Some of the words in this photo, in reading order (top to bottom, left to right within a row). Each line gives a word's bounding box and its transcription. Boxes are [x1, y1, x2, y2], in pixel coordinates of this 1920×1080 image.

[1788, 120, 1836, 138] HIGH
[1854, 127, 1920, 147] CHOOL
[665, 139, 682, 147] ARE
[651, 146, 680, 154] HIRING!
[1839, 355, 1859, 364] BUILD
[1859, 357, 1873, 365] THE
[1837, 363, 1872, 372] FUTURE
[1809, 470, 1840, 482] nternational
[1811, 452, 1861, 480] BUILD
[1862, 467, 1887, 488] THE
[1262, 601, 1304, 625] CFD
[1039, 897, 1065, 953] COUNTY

======

▶ WORK REQUIRED:
Beginning with the opening line and ending with the final one, transcribe the material exactly.

▶ TASK RESPONSE:
Some of the words in this photo, in reading order (top to bottom, left to right within a row). Each line gives a word's bounding box and its transcription. Boxes are [x1, y1, x2, y2], in pixel coordinates of this 1920×1080 image.

[1788, 120, 1836, 138] HIGH
[1854, 127, 1920, 147] CHOOL
[665, 139, 682, 147] ARE
[651, 146, 680, 154] HIRING!
[1839, 355, 1859, 364] BUILD
[1859, 357, 1873, 365] THE
[1837, 363, 1872, 372] FUTURE
[1809, 470, 1840, 482] nternational
[1811, 452, 1861, 480] BUILD
[1862, 467, 1887, 488] THE
[1262, 601, 1304, 625] CFD
[1039, 897, 1065, 953] COUNTY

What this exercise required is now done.